Deux membres du groupe de cybercriminalité Scattered Spider ont été condamnés à cinq ans et demi de prison pour avoir mené la cyberattaque de 2024 contre Transport for London (TfL), une intrusion qui a perturbé les services, exposé les données des clients et entraîné environ 29 millions de livres sterling (39 millions de dollars) de coûts de récupération. Thalha Jubair, 20 ans, et Owen Flowers, 18 ans, ont été condamnés devant la Cour de la Couronne de Woolwich après avoir plaidé coupable auparavant à des infractions relevant de la loi britannique sur l’utilisation abusive des ordinateurs.

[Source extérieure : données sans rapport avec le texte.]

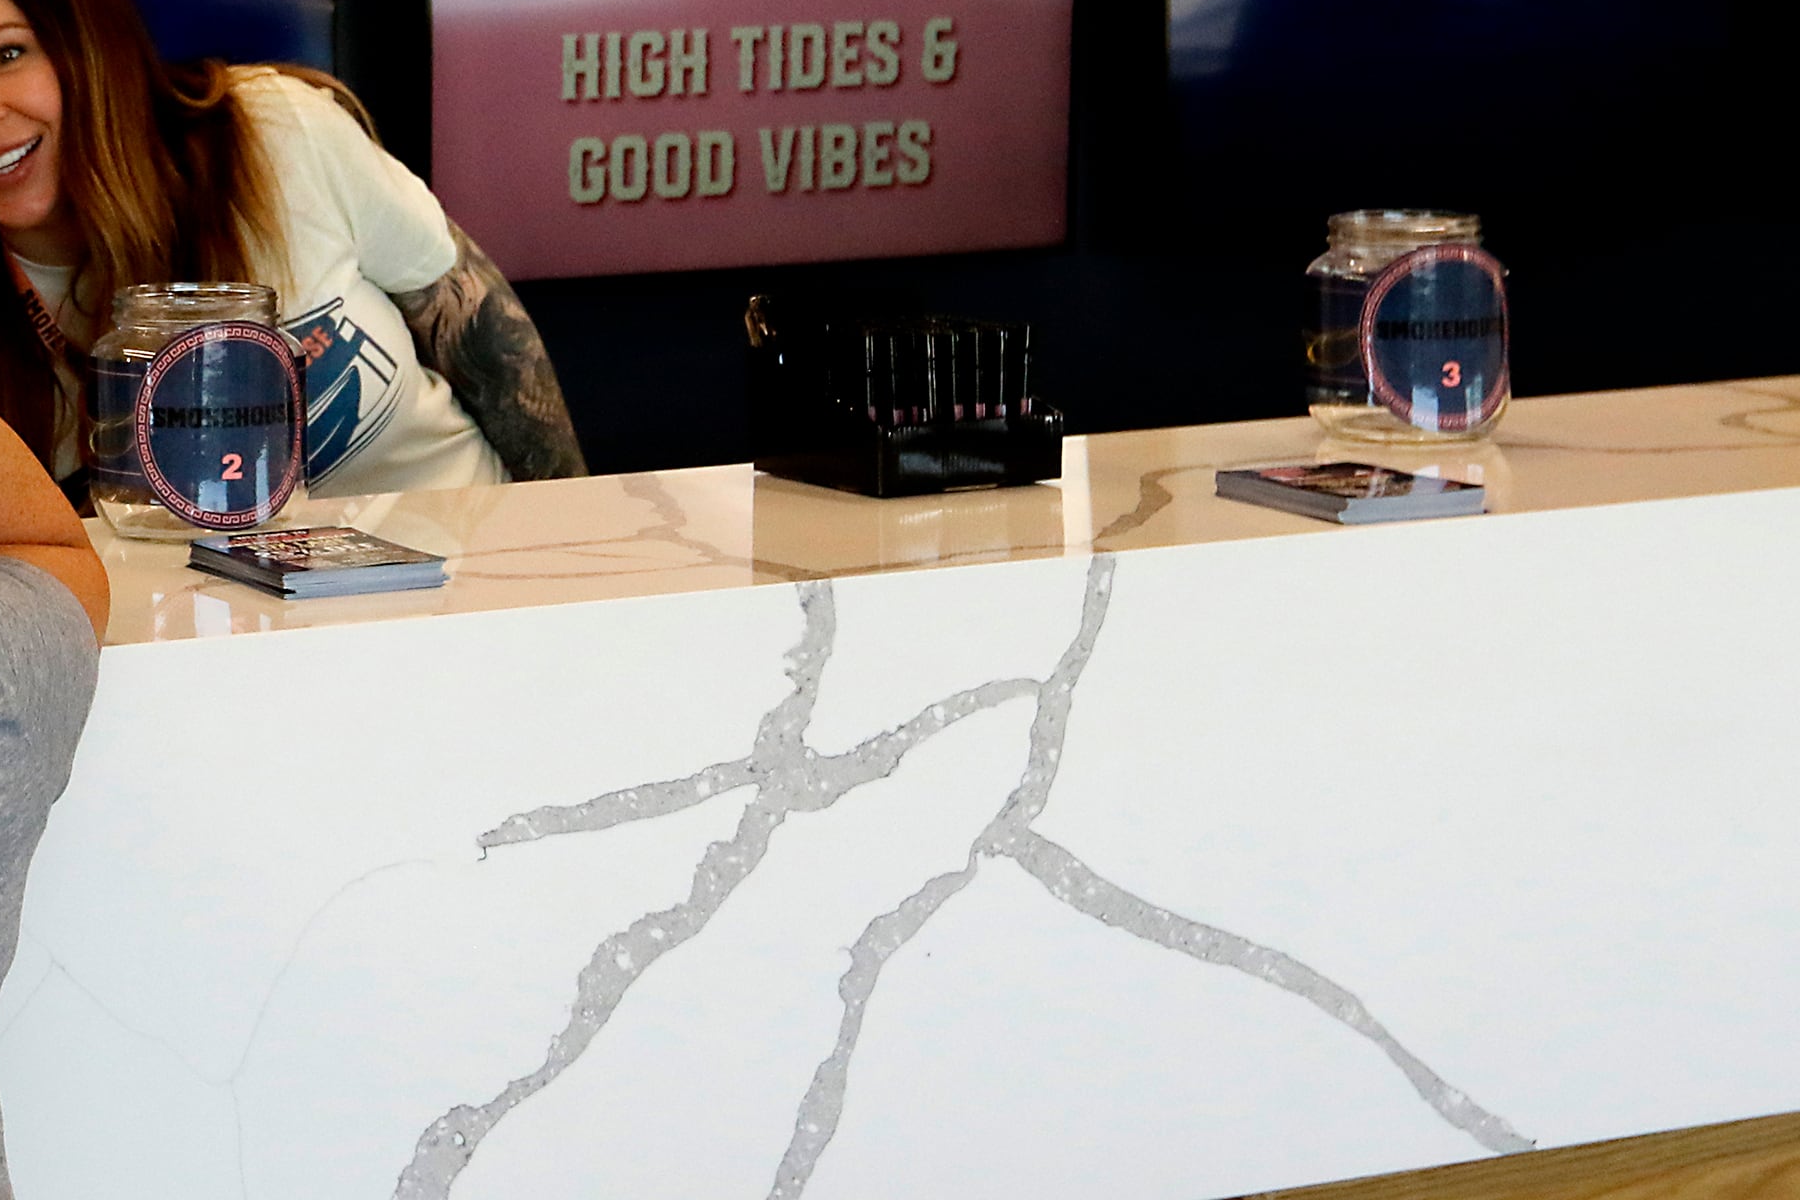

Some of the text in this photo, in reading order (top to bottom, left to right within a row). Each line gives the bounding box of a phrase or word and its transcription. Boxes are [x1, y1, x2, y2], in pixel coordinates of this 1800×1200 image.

Selon les procureurs, le duo a compromis les systèmes de TfL entre le 31 août et le 3 septembre 2024, utilisant des techniques d’ingénierie sociale pour accéder au réseau interne de l’organisation. Les enquêteurs ont indiqué que les hackers avaient obtenu de nombreux privilèges dans l’environnement, leur permettant d’accéder à des systèmes sensibles avant que TfL ne ferme certaines parties de son infrastructure pour stopper l’attaque.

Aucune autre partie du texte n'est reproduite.